INSTRUCTIONS FOR THE TASK: Using the records below, write out again exactly the lines that begin at the line containing "Some of the words" and end at the line containing "this 1849×1233 image.", and no other lines.

SUPPLIED DATA:
- Opening Delimiter -

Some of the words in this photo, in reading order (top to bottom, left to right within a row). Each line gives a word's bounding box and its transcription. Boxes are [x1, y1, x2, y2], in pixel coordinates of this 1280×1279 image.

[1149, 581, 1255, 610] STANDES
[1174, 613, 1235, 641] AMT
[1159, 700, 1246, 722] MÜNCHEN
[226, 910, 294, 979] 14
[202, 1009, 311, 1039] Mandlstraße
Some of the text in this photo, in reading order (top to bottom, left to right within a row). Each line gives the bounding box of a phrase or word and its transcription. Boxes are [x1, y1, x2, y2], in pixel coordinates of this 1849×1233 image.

- Closing Delimiter -
- Opening Delimiter -

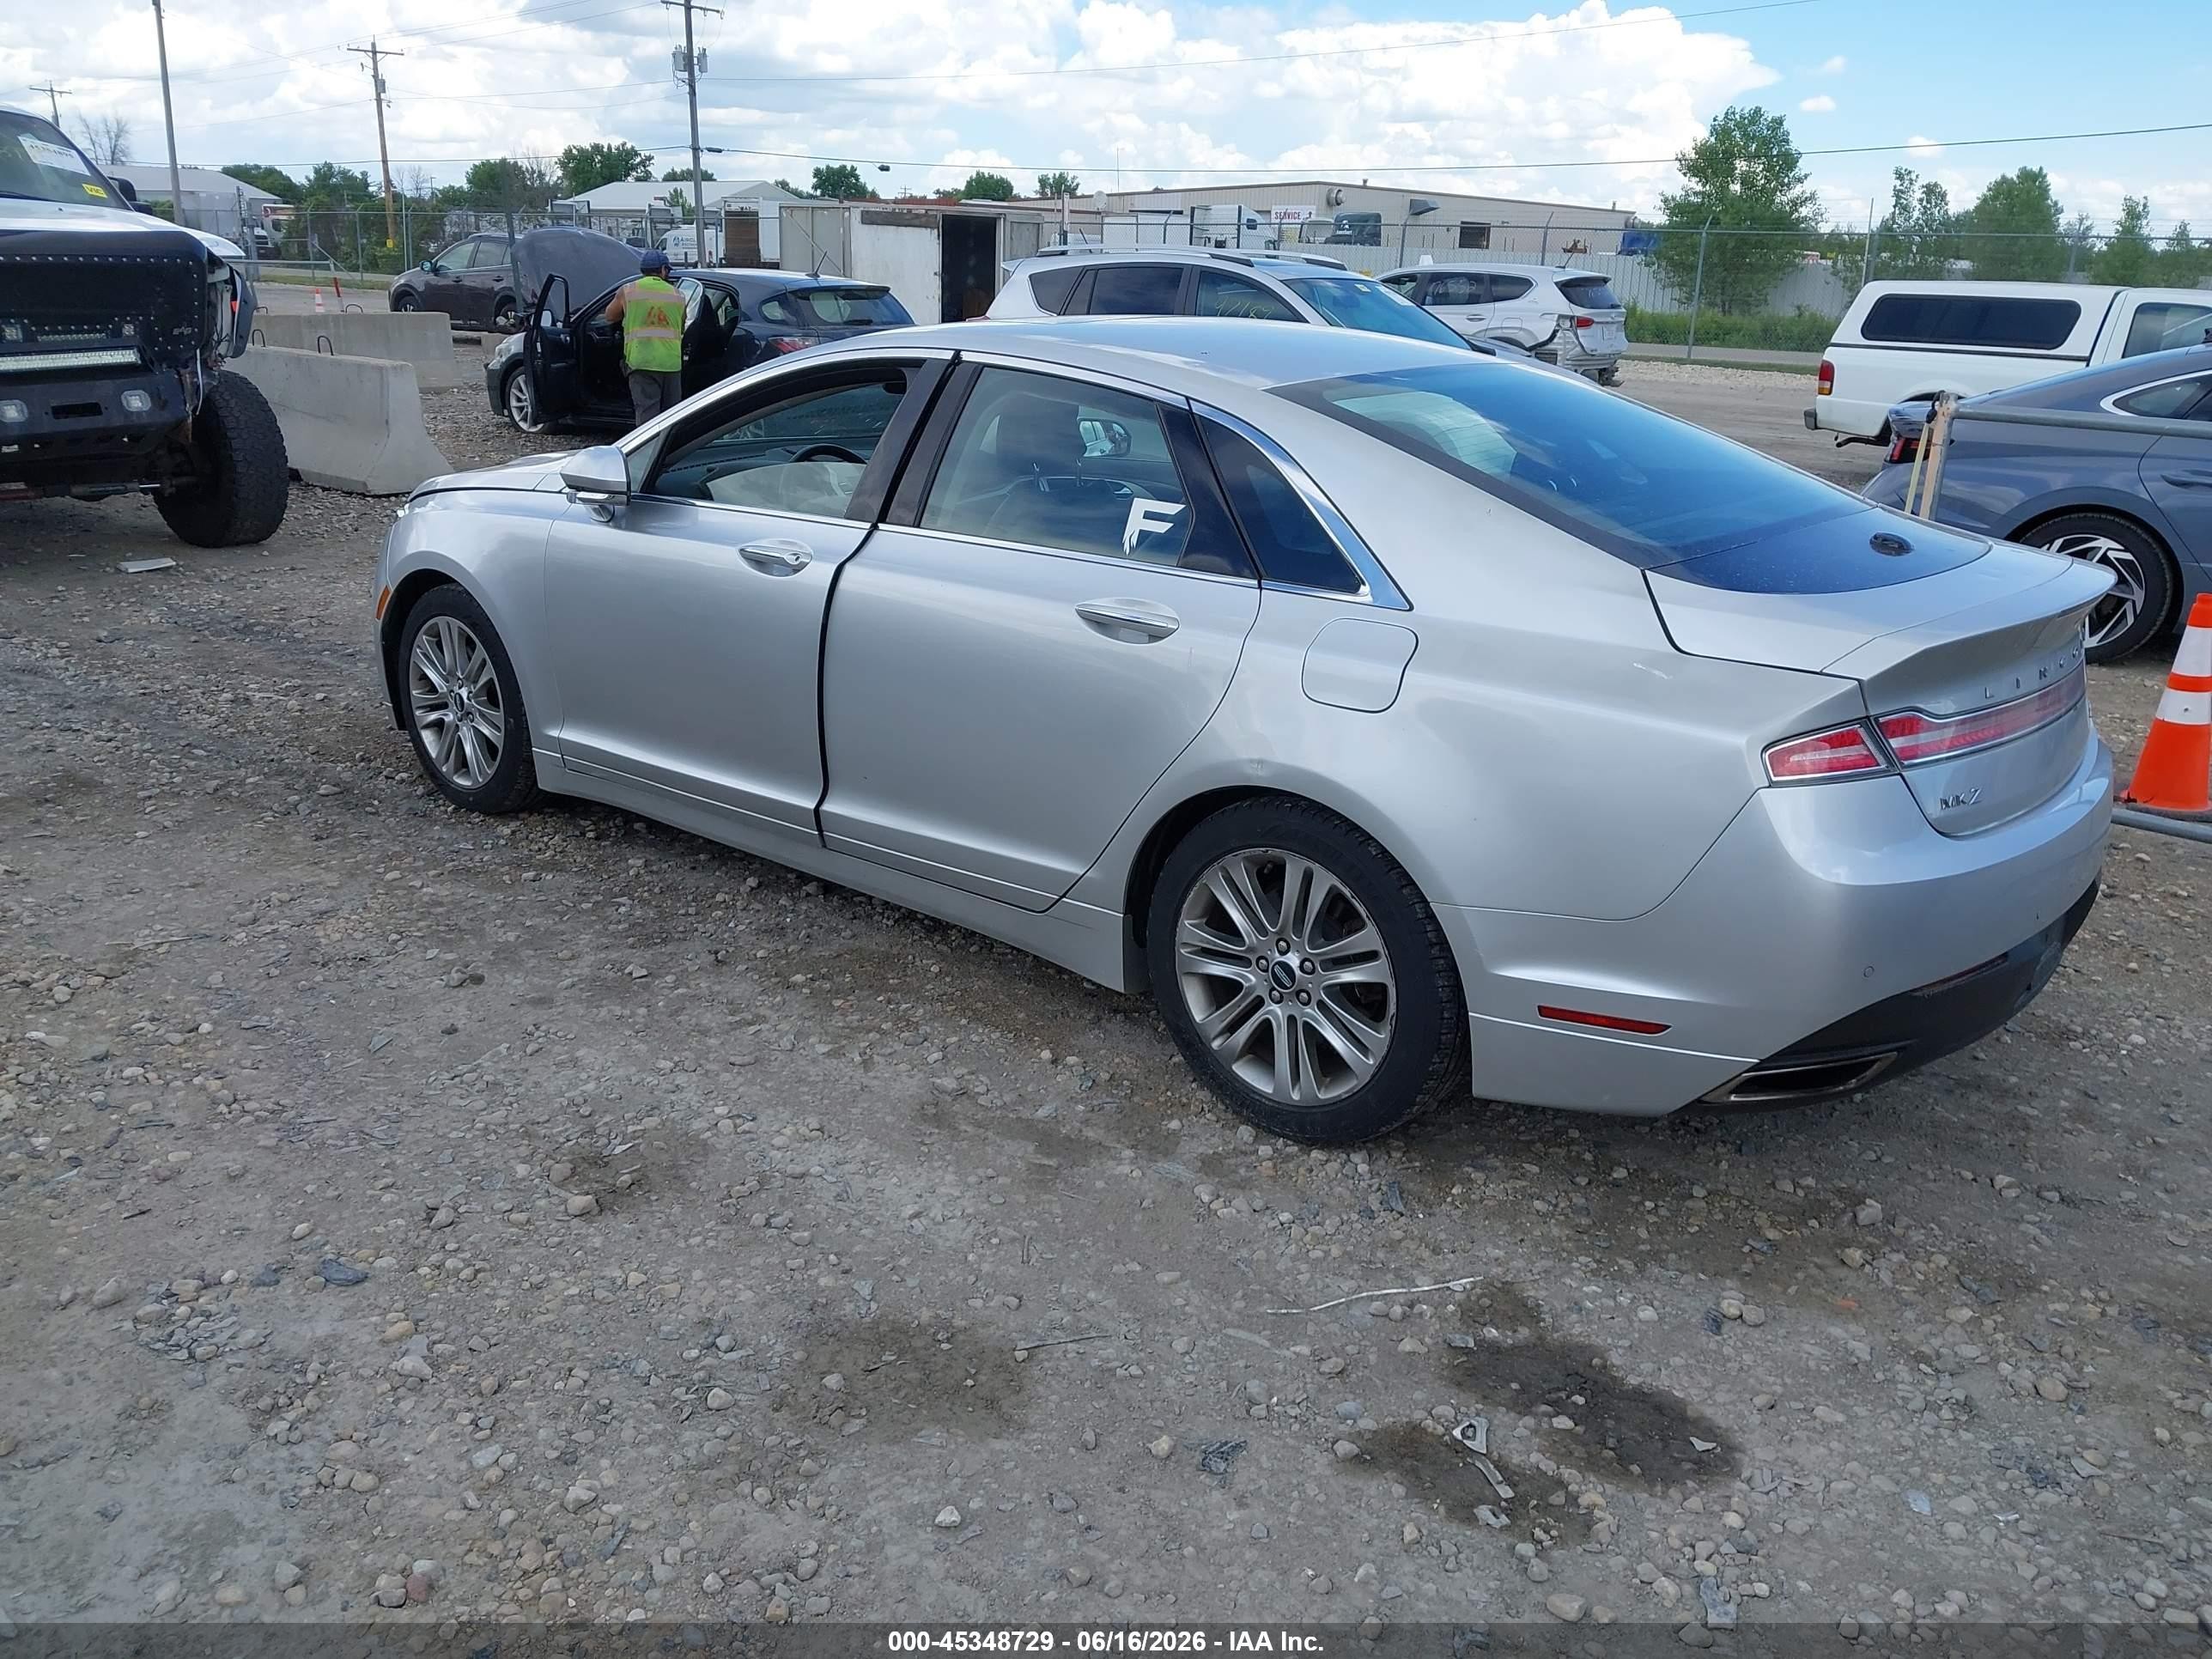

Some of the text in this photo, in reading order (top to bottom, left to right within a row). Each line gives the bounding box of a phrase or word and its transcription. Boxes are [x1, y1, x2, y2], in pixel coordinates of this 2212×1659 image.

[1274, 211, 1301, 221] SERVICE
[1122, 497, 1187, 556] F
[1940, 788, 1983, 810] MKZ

- Closing Delimiter -

ANSWER FOR THIS EXERCISE:
Some of the words in this photo, in reading order (top to bottom, left to right within a row). Each line gives a word's bounding box and its transcription. Boxes are [x1, y1, x2, y2], in pixel coordinates of this 1280×1279 image.

[1149, 581, 1255, 610] STANDES
[1174, 613, 1235, 641] AMT
[1159, 700, 1246, 722] MÜNCHEN
[226, 910, 294, 979] 14
[202, 1009, 311, 1039] Mandlstraße
Some of the text in this photo, in reading order (top to bottom, left to right within a row). Each line gives the bounding box of a phrase or word and its transcription. Boxes are [x1, y1, x2, y2], in pixel coordinates of this 1849×1233 image.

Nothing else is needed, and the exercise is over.